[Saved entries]
====
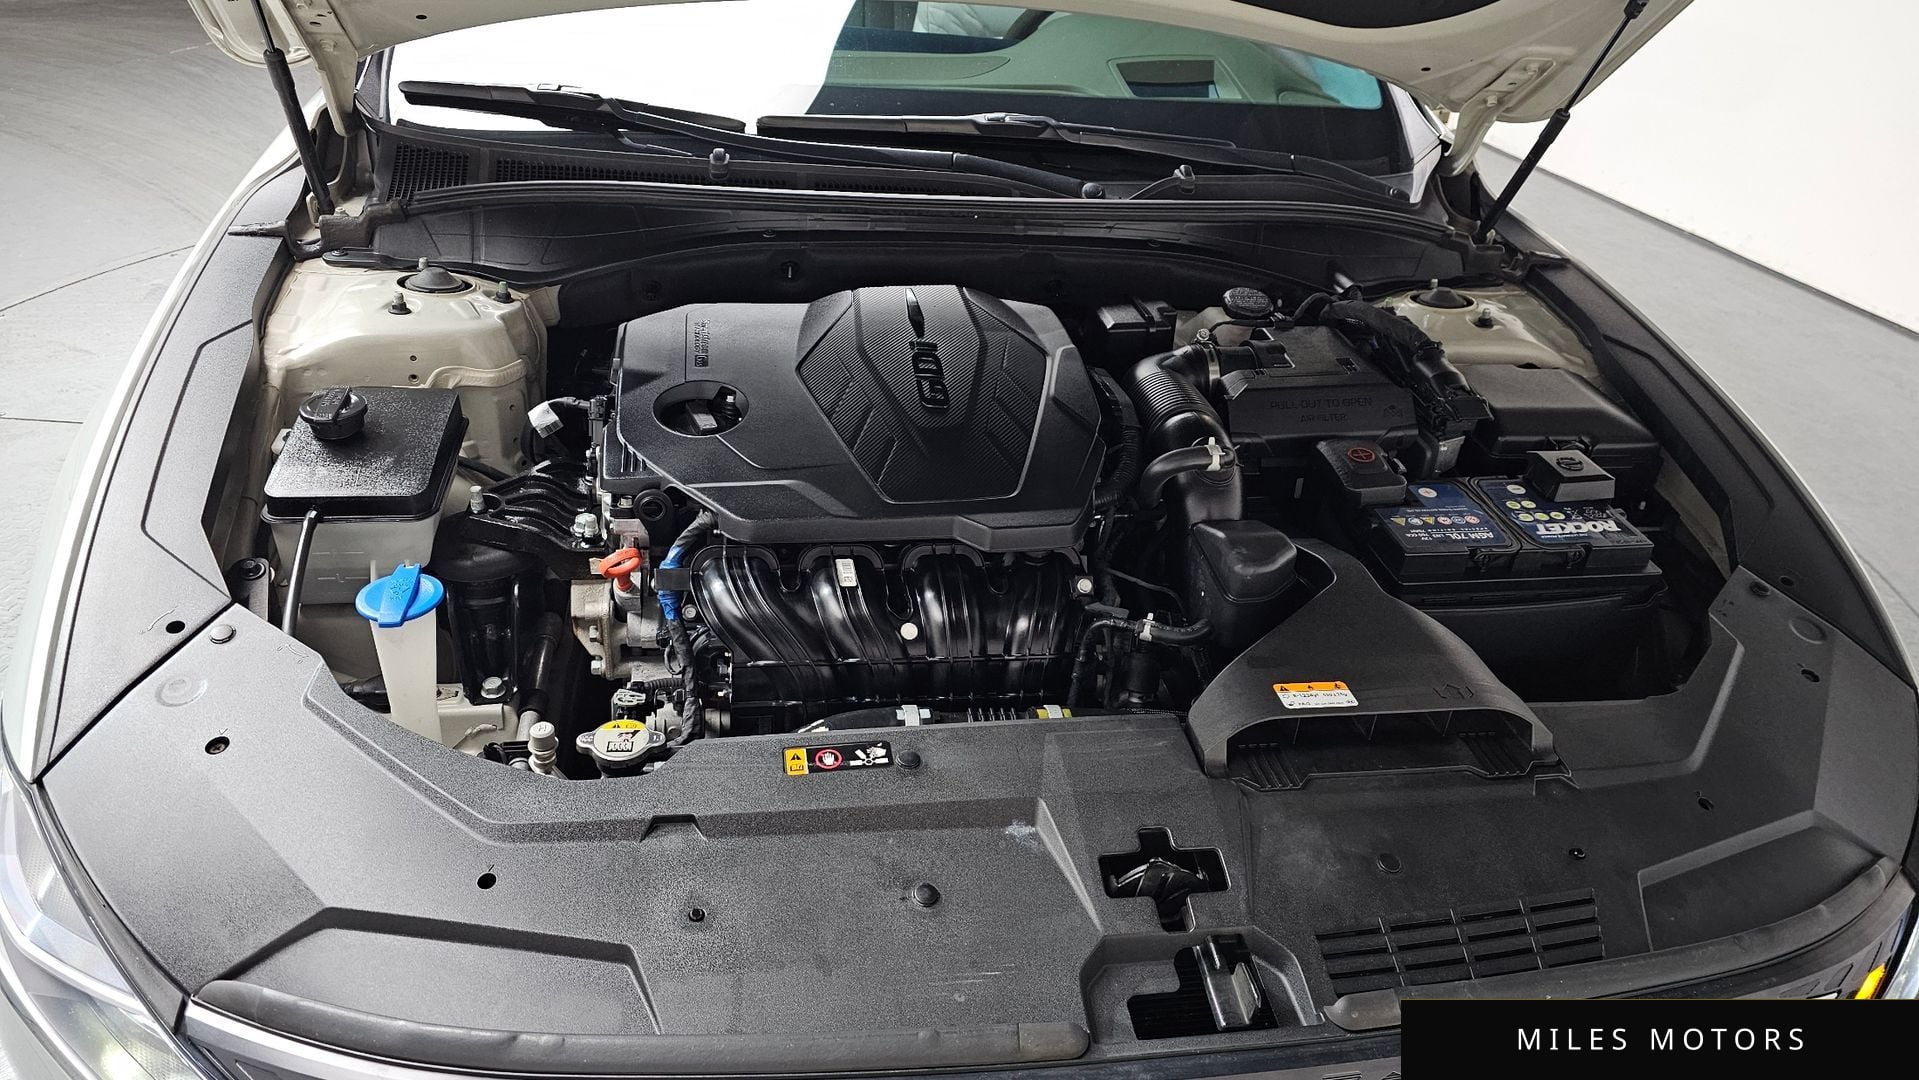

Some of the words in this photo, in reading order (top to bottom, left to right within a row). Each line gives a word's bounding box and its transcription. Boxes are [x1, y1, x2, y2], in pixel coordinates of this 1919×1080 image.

[1301, 399, 1321, 408] OUT
[1326, 398, 1340, 408] TO
[1342, 397, 1372, 407] OPEN
[1536, 520, 1621, 535] ROCKET
====
What the task asks: The records above are to be repeated exactly, with the pictures left out.

Completed task:
Some of the words in this photo, in reading order (top to bottom, left to right within a row). Each line gives a word's bounding box and its transcription. Boxes are [x1, y1, x2, y2], in pixel coordinates of this 1919×1080 image.

[1301, 399, 1321, 408] OUT
[1326, 398, 1340, 408] TO
[1342, 397, 1372, 407] OPEN
[1536, 520, 1621, 535] ROCKET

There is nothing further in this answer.